# Problem to work on
Reproduce verbatim all of the data given below, but do not carry over the images.

******

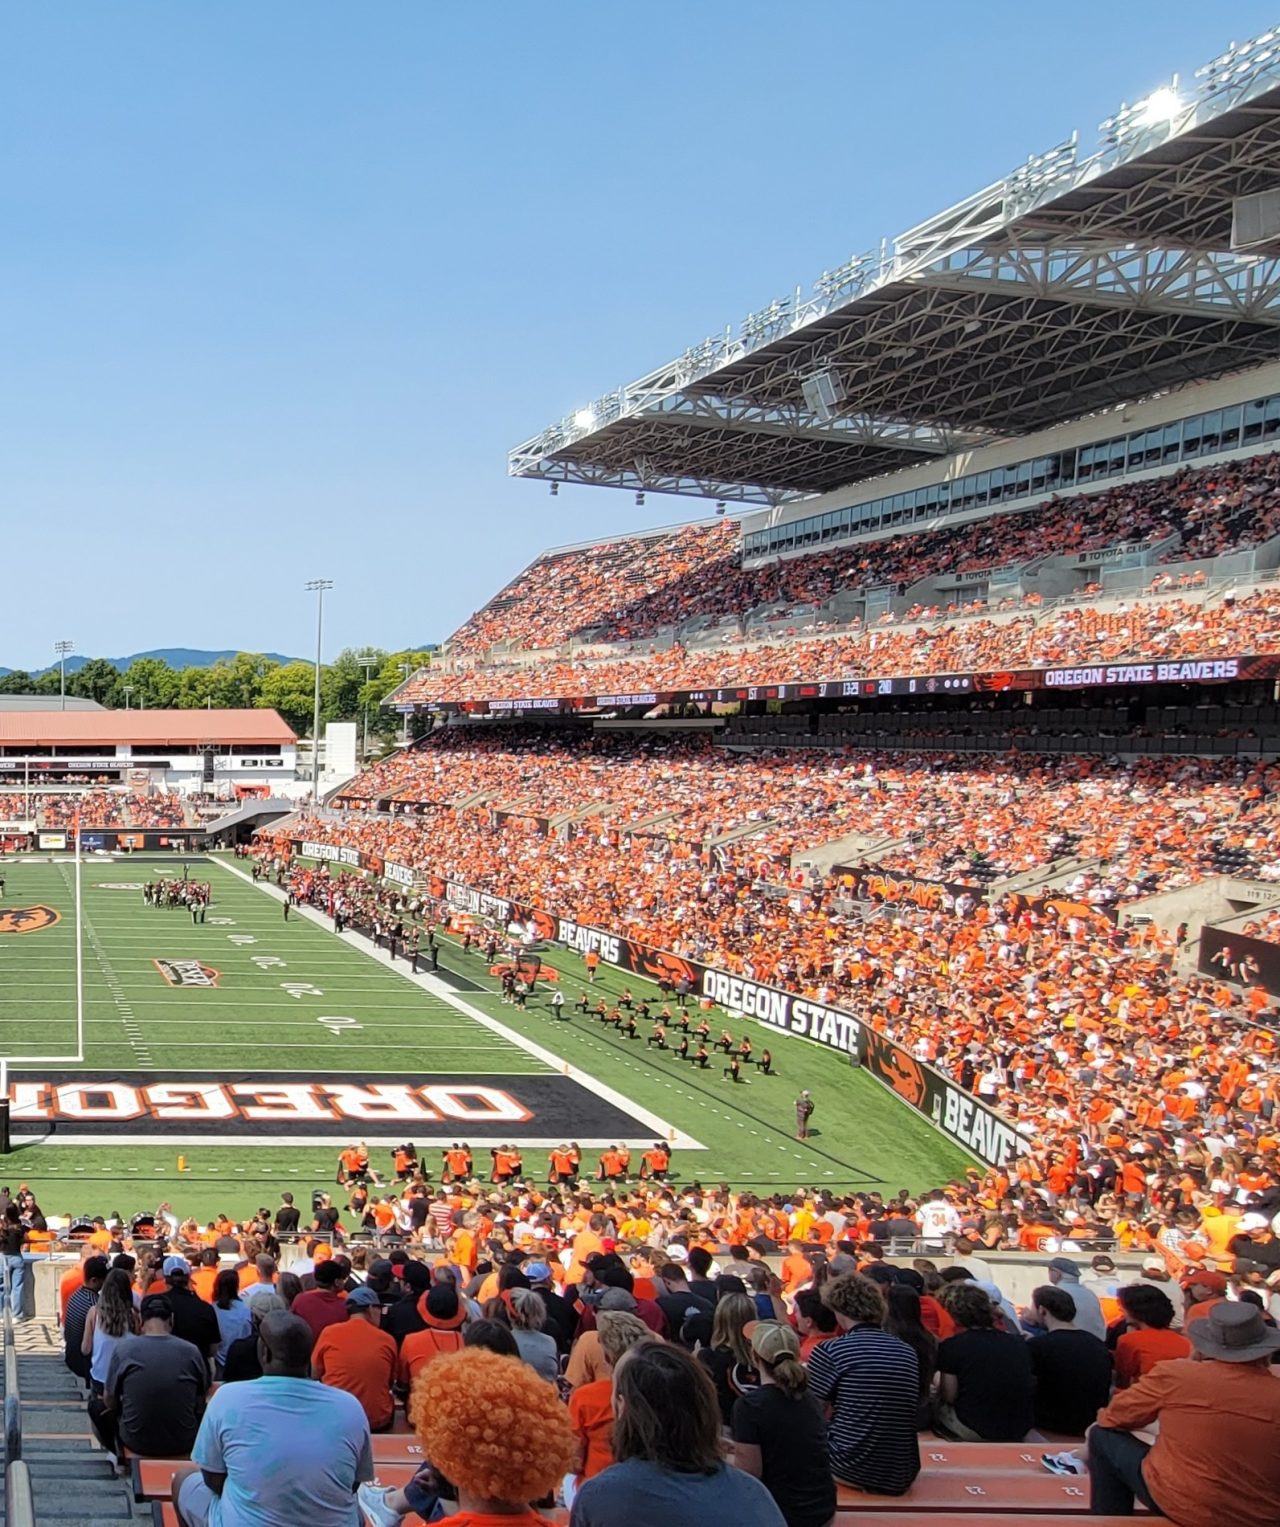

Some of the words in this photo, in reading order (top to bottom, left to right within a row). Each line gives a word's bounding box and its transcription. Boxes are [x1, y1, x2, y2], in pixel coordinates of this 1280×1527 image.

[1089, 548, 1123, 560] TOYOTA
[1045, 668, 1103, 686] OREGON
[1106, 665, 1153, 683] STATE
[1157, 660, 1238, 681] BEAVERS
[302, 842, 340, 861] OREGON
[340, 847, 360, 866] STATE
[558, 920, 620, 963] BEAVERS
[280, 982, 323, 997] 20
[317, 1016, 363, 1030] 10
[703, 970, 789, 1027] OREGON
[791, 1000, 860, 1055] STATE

******

# Your solution
Some of the words in this photo, in reading order (top to bottom, left to right within a row). Each line gives a word's bounding box and its transcription. Boxes are [x1, y1, x2, y2], in pixel coordinates of this 1280×1527 image.

[1089, 548, 1123, 560] TOYOTA
[1045, 668, 1103, 686] OREGON
[1106, 665, 1153, 683] STATE
[1157, 660, 1238, 681] BEAVERS
[302, 842, 340, 861] OREGON
[340, 847, 360, 866] STATE
[558, 920, 620, 963] BEAVERS
[280, 982, 323, 997] 20
[317, 1016, 363, 1030] 10
[703, 970, 789, 1027] OREGON
[791, 1000, 860, 1055] STATE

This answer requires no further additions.